─── Extracted records

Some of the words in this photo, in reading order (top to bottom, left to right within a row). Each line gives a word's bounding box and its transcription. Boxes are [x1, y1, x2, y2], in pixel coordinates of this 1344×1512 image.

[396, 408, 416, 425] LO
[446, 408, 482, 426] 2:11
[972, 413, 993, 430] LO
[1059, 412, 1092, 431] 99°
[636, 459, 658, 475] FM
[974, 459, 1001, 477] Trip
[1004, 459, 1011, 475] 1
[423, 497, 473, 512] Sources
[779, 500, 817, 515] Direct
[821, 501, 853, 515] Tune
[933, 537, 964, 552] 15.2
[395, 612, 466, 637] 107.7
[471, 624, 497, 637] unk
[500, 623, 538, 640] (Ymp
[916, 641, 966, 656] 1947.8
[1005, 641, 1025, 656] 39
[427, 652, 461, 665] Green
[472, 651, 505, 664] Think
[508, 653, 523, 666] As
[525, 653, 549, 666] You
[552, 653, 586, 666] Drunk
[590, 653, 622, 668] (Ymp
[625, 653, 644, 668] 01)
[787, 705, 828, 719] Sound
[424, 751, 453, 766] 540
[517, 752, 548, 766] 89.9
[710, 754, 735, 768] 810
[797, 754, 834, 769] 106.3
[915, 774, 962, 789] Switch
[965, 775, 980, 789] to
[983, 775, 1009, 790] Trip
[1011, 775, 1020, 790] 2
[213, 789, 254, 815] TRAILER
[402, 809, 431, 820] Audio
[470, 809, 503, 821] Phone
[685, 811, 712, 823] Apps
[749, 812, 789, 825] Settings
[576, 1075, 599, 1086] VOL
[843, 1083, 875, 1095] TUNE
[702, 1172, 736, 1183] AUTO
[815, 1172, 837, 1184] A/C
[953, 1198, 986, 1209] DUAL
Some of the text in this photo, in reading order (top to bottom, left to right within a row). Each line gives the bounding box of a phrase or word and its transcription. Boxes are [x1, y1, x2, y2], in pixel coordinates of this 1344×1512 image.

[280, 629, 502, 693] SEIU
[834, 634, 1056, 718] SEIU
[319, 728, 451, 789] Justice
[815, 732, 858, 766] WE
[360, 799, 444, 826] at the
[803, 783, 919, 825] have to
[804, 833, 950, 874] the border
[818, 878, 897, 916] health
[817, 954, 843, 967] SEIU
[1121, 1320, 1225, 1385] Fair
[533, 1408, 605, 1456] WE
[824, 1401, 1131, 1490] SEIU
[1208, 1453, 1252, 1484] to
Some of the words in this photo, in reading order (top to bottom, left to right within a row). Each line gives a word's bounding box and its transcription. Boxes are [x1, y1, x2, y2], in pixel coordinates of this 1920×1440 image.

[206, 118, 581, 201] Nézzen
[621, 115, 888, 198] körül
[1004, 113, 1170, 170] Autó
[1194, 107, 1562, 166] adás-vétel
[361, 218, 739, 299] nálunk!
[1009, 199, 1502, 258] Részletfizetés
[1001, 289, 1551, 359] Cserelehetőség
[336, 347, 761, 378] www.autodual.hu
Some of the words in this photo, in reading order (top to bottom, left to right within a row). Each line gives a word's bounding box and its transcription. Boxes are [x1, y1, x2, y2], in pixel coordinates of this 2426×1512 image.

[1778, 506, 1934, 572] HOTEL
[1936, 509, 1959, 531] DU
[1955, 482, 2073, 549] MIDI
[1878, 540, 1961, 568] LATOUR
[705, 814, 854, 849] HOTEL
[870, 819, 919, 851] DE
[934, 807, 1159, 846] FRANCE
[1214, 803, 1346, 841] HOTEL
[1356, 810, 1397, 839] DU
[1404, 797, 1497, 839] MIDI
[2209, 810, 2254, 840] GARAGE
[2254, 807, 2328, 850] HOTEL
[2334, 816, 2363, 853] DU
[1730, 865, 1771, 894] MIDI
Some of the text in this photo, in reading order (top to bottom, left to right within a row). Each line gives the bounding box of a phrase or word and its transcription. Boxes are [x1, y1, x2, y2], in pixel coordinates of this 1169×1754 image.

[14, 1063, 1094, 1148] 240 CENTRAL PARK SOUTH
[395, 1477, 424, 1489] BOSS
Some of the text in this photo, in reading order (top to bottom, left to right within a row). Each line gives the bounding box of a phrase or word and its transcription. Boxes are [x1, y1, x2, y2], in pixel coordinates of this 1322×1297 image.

──────

What the exercise asks: Without leaving anything out, transcribe the records above exactly.

Answer area:
Some of the words in this photo, in reading order (top to bottom, left to right within a row). Each line gives a word's bounding box and its transcription. Boxes are [x1, y1, x2, y2], in pixel coordinates of this 1344×1512 image.

[396, 408, 416, 425] LO
[446, 408, 482, 426] 2:11
[972, 413, 993, 430] LO
[1059, 412, 1092, 431] 99°
[636, 459, 658, 475] FM
[974, 459, 1001, 477] Trip
[1004, 459, 1011, 475] 1
[423, 497, 473, 512] Sources
[779, 500, 817, 515] Direct
[821, 501, 853, 515] Tune
[933, 537, 964, 552] 15.2
[395, 612, 466, 637] 107.7
[471, 624, 497, 637] unk
[500, 623, 538, 640] (Ymp
[916, 641, 966, 656] 1947.8
[1005, 641, 1025, 656] 39
[427, 652, 461, 665] Green
[472, 651, 505, 664] Think
[508, 653, 523, 666] As
[525, 653, 549, 666] You
[552, 653, 586, 666] Drunk
[590, 653, 622, 668] (Ymp
[625, 653, 644, 668] 01)
[787, 705, 828, 719] Sound
[424, 751, 453, 766] 540
[517, 752, 548, 766] 89.9
[710, 754, 735, 768] 810
[797, 754, 834, 769] 106.3
[915, 774, 962, 789] Switch
[965, 775, 980, 789] to
[983, 775, 1009, 790] Trip
[1011, 775, 1020, 790] 2
[213, 789, 254, 815] TRAILER
[402, 809, 431, 820] Audio
[470, 809, 503, 821] Phone
[685, 811, 712, 823] Apps
[749, 812, 789, 825] Settings
[576, 1075, 599, 1086] VOL
[843, 1083, 875, 1095] TUNE
[702, 1172, 736, 1183] AUTO
[815, 1172, 837, 1184] A/C
[953, 1198, 986, 1209] DUAL
Some of the text in this photo, in reading order (top to bottom, left to right within a row). Each line gives the bounding box of a phrase or word and its transcription. Boxes are [x1, y1, x2, y2], in pixel coordinates of this 1344×1512 image.

[280, 629, 502, 693] SEIU
[834, 634, 1056, 718] SEIU
[319, 728, 451, 789] Justice
[815, 732, 858, 766] WE
[360, 799, 444, 826] at the
[803, 783, 919, 825] have to
[804, 833, 950, 874] the border
[818, 878, 897, 916] health
[817, 954, 843, 967] SEIU
[1121, 1320, 1225, 1385] Fair
[533, 1408, 605, 1456] WE
[824, 1401, 1131, 1490] SEIU
[1208, 1453, 1252, 1484] to
Some of the words in this photo, in reading order (top to bottom, left to right within a row). Each line gives a word's bounding box and its transcription. Boxes are [x1, y1, x2, y2], in pixel coordinates of this 1920×1440 image.

[206, 118, 581, 201] Nézzen
[621, 115, 888, 198] körül
[1004, 113, 1170, 170] Autó
[1194, 107, 1562, 166] adás-vétel
[361, 218, 739, 299] nálunk!
[1009, 199, 1502, 258] Részletfizetés
[1001, 289, 1551, 359] Cserelehetőség
[336, 347, 761, 378] www.autodual.hu
Some of the words in this photo, in reading order (top to bottom, left to right within a row). Each line gives a word's bounding box and its transcription. Boxes are [x1, y1, x2, y2], in pixel coordinates of this 2426×1512 image.

[1778, 506, 1934, 572] HOTEL
[1936, 509, 1959, 531] DU
[1955, 482, 2073, 549] MIDI
[1878, 540, 1961, 568] LATOUR
[705, 814, 854, 849] HOTEL
[870, 819, 919, 851] DE
[934, 807, 1159, 846] FRANCE
[1214, 803, 1346, 841] HOTEL
[1356, 810, 1397, 839] DU
[1404, 797, 1497, 839] MIDI
[2209, 810, 2254, 840] GARAGE
[2254, 807, 2328, 850] HOTEL
[2334, 816, 2363, 853] DU
[1730, 865, 1771, 894] MIDI
Some of the text in this photo, in reading order (top to bottom, left to right within a row). Each line gives the bounding box of a phrase or word and its transcription. Boxes are [x1, y1, x2, y2], in pixel coordinates of this 1169×1754 image.

[14, 1063, 1094, 1148] 240 CENTRAL PARK SOUTH
[395, 1477, 424, 1489] BOSS
Some of the text in this photo, in reading order (top to bottom, left to right within a row). Each line gives the bounding box of a phrase or word and its transcription. Boxes are [x1, y1, x2, y2], in pixel coordinates of this 1322×1297 image.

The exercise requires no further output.